Okay, not to be morbid or anything, but should Jesus take the wheel on Monday and decide to run this car off a bridge (which is kind of how I always imagined I’d die), I am relying on you!

Tuesday, February 10, 2015

Adventures in Dating, Episode 10: The Boy Meets The Girl

This is the 12th installment of my Adventures in Dating series, and yet somehow only episode 10.  It's like I'm paying homage to my adorable inability to do math.  You can dig on episodes 1, 2, 3, 4, 4.5, 5, 6, 7 , 7 revisited, 8 and 9 here.  

I've been teasing you for a very long time with the lead up to this story, which is probably why it has taken me so long to write it. I've built this blog post into something epic in my mind...and in reality, it's a simple and common little tale told the world over: Boy Meets Girl. Or in this telling, The Boy meets The Girl.

It might have escaped your notice, but I haven't posted a blog in a year. During that time, much like you, I haven't read any of my former entries, so I thought perhaps to get ourselves back into the groove we shared when I was a blogging fool, we'd rehash things a bit. In the late Summer of 2010, I was back on the dating scene for the first time since 1990. To say my dating skills were rusty would be tantamount to saying the Grand Canyon is a quaint little gulley.
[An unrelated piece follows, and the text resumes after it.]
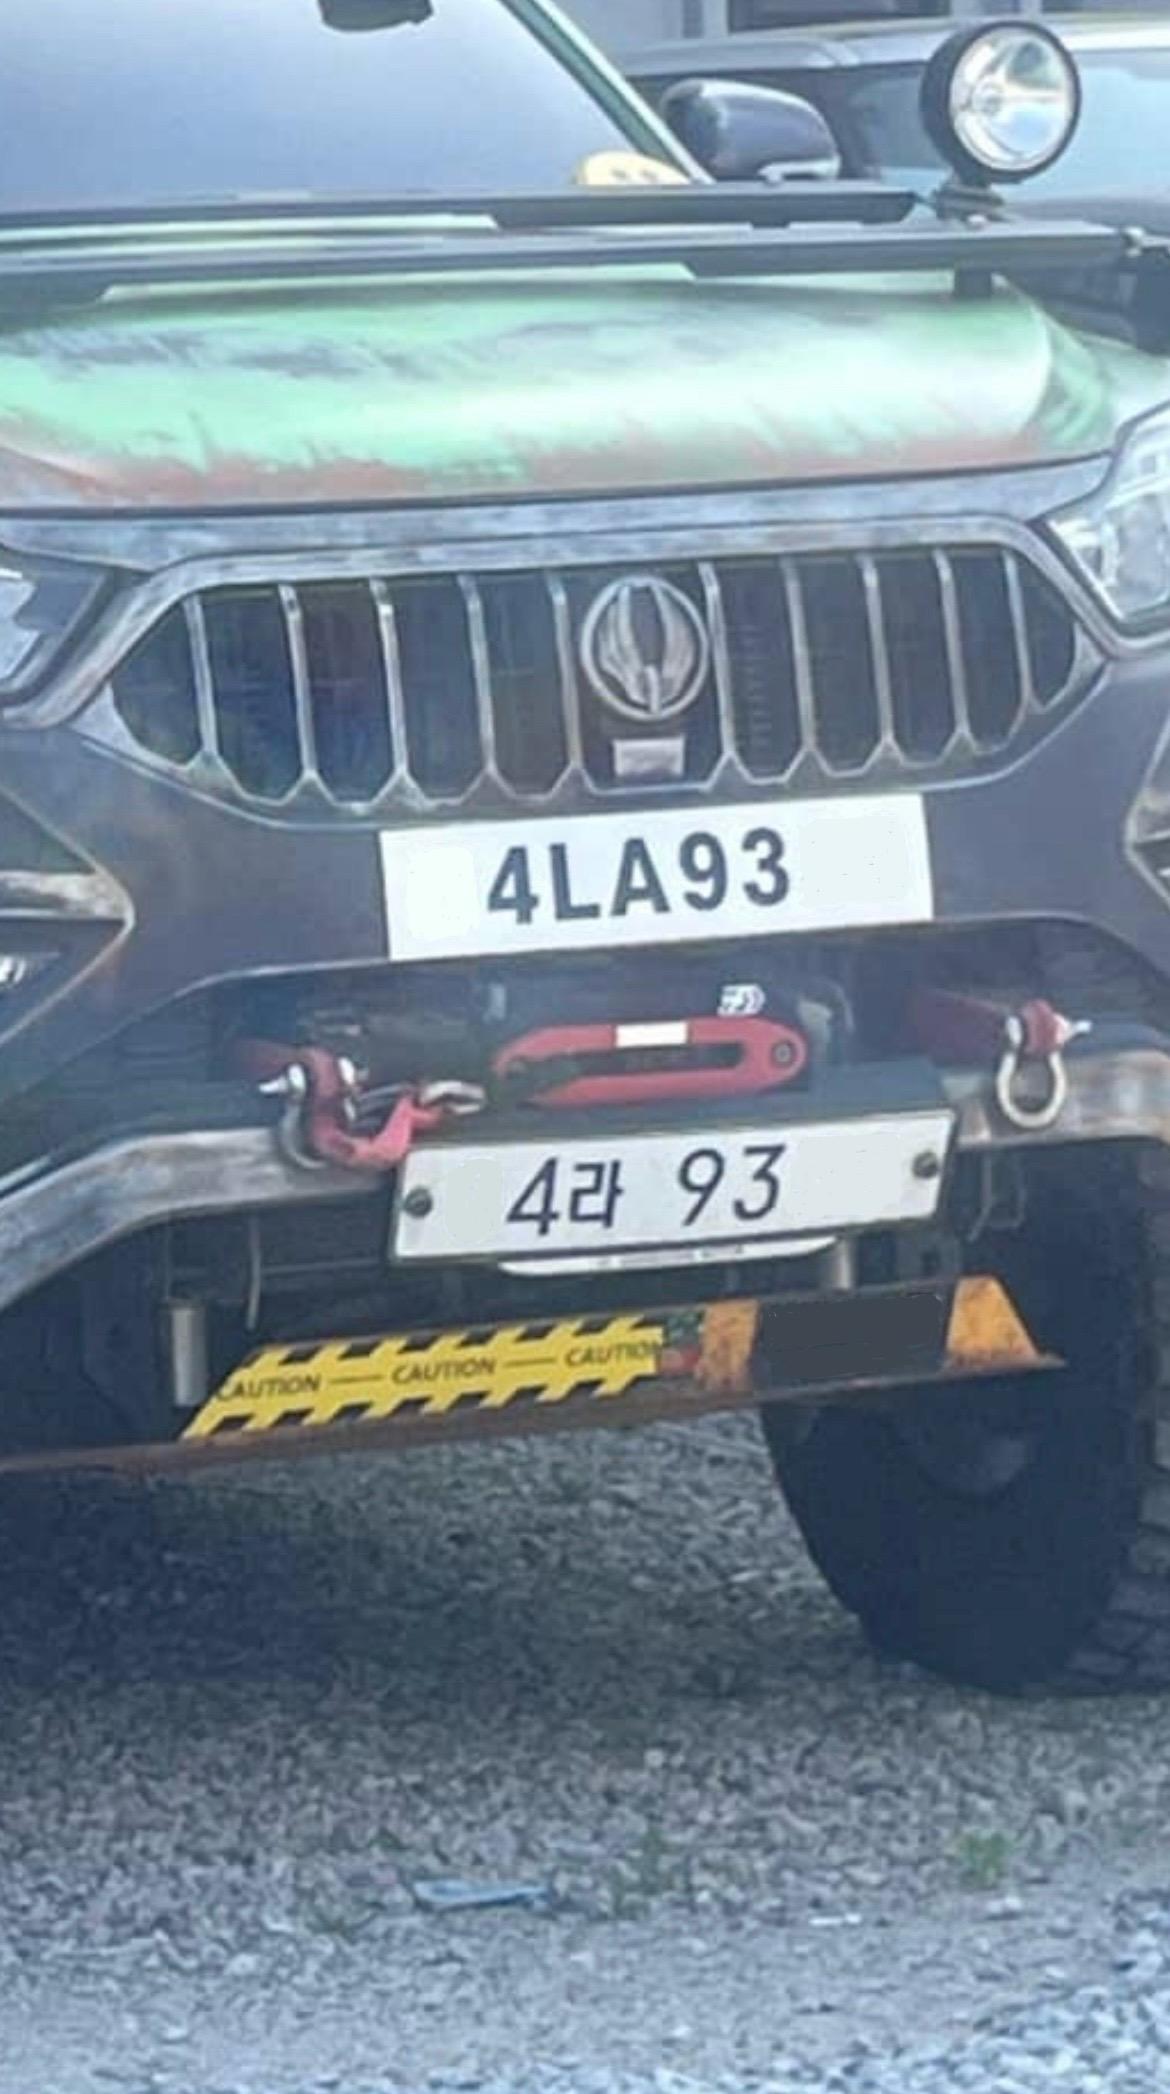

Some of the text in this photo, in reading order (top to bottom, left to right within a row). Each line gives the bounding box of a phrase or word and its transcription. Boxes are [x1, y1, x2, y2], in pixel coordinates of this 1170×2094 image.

[487, 827, 790, 924] 4LA93
[506, 1143, 786, 1236] 4라 93
[391, 1357, 496, 1385] CAUTION
So I did 6 months of hard time on the absolute freak show that was match.com, had one date with a tangerine-colored man from eHarmony and had all but given up on ever finding love. Or the perfect pair of black pants.

But I digress.

And then in March 2011 I received an inquiry on eHarmony from a dimpled, blue-eyed software engineer with a profile photo that purported to show both a love of dogs and an interest in reading. It's not that the bar was set that low, because yes, there are a lot of men out there who love dogs and reading (and I'd dated most of the available ones in the Denver area), it's just that, I don't know, there was something there. It wasn't actually IN his profile, but his profile hinted at it. I'm a man of character. I will keep you safe. I will tolerate your ridiculous puns and outrageously cold feet.
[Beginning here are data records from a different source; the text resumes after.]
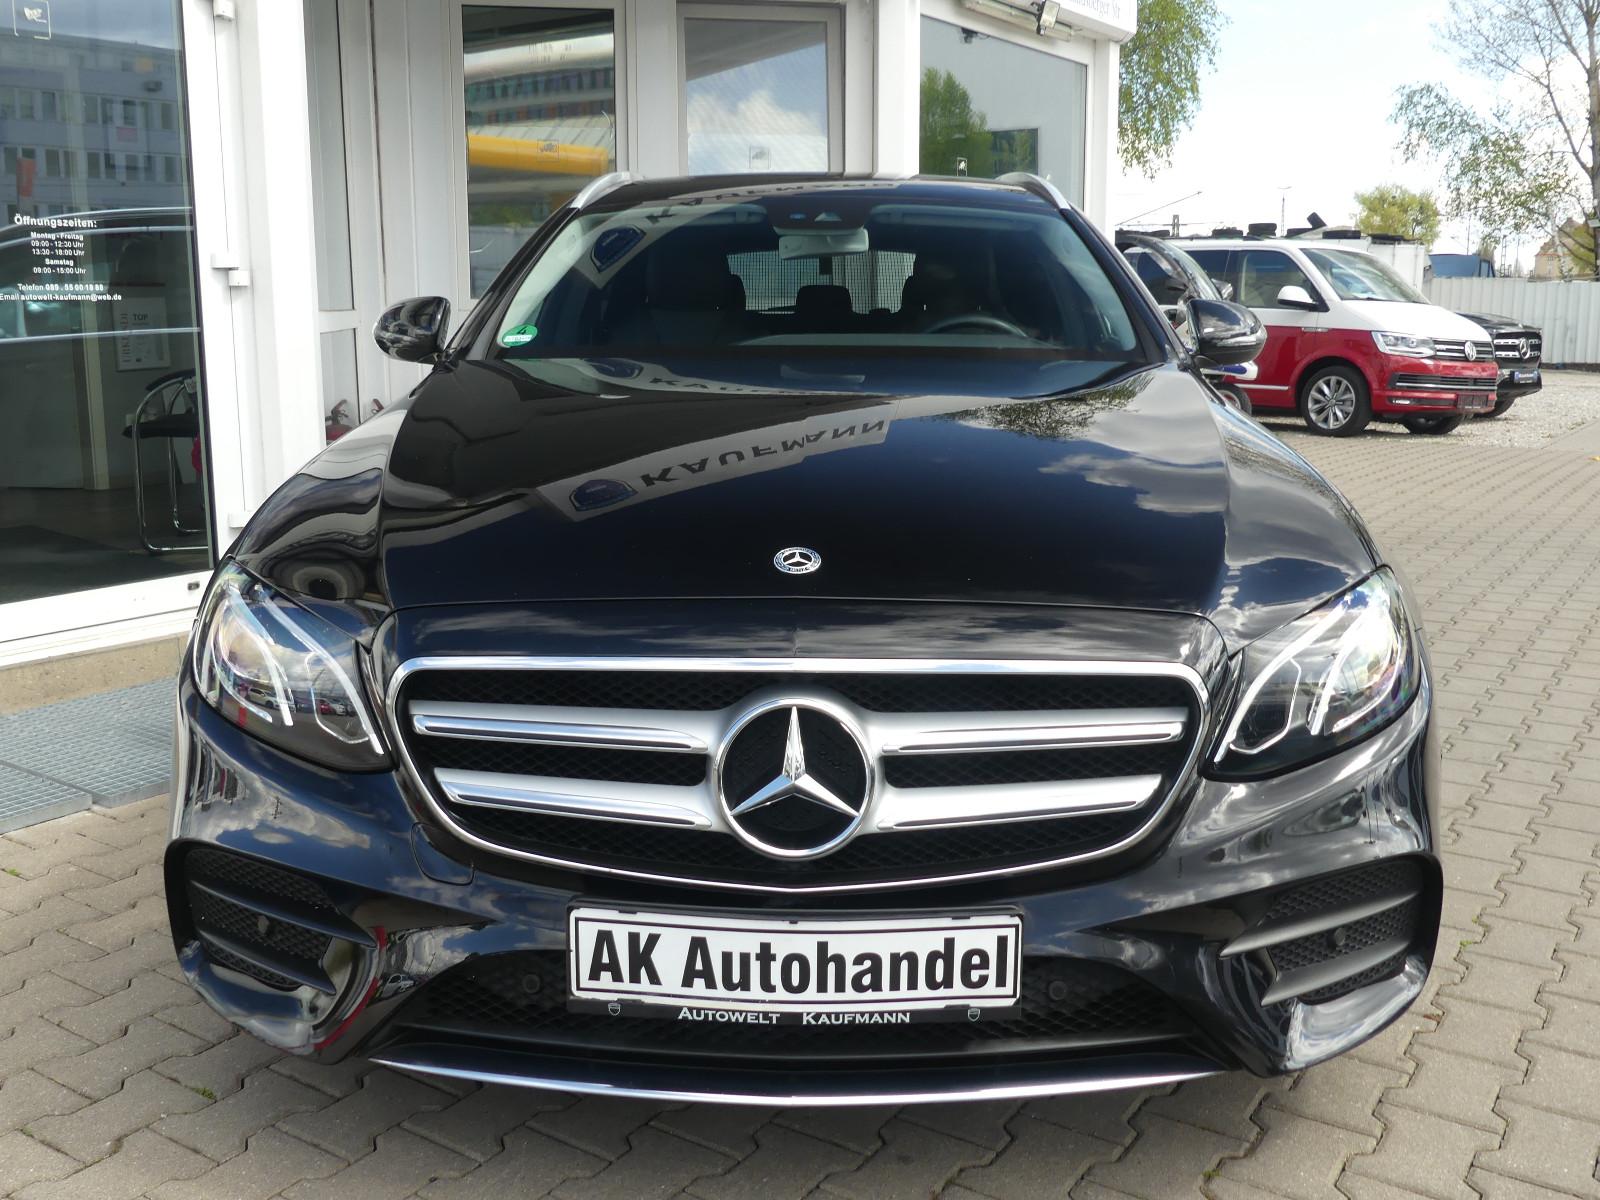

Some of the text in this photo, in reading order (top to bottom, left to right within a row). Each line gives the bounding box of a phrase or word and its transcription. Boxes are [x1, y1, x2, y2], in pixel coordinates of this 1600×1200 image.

[14, 213, 97, 229] Öffnungszeiten:
[30, 231, 56, 240] Montag
[60, 233, 84, 241] Freitag
[45, 258, 74, 266] Samstag
[17, 283, 44, 291] Telefon
[587, 928, 1010, 994] AK Autohandel
My first glance: I will admit to being vaguely concerned about the sheep skin.

 So I did what any rational woman would do: I ignored him. For two weeks.
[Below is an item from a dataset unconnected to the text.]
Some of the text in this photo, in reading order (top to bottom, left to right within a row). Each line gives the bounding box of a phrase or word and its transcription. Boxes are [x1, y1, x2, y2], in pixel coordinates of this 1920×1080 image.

And then finally, after Yoda (my shrink) pushed a little harder than maybe a detached therapist should (people attach to me, dunno why), I responded to him. Unlike match.com, which allows you to IM with the grotesquely horny sort of stranger who invites you over right then "to watch football" the first time you ever have contact, eHarmony puts you through your paces. eHarmony cares not for your instant gratification, sort of like that abrasive Patti Stanger on "Millionaire Matchmaker" who is always screaming at rich people about "no sex before monogamy" but with less screaming and fewer strangely cheap-looking clothes. Seriously, rayon much?

So this supposed dream boat of a bookish dog lover sent me 5 questions to answer. They were multiple choice, but with the option to write in another answer. The only question I actually remember was an inquiry into the depths of my financial responsibility. And anyone who knows anything about me in 2010 would know that my idea of financial responsibility was to empty my paltry savings account because White House Black Market was having a pencil skirt sale and it would be irresponsible to miss out on all of those "savings."

Still, I was trying to become more responsible (or at least dress the part) and so I answered honestly by saying something like I was reformed grasshopper, learning to become an ant. Get it? Aesop's Fables... yep, I read too! Of course, that was one of my childhood books, but clearly the lesson had stuck with me. At least in principle, if not truly in practice. (I also remember that one of the stories had something to do with a fox trying to drink out of a wine glass, which honestly, explains a lot.) Pleased with myself, I sent him 5 questions too. Not because I was actually into that, but because I wanted to put him through the exercise. He replied with his answers, which were all perfectly fine, if perhaps not as poetic as mine, and then he sent me some other hoop through which to jump.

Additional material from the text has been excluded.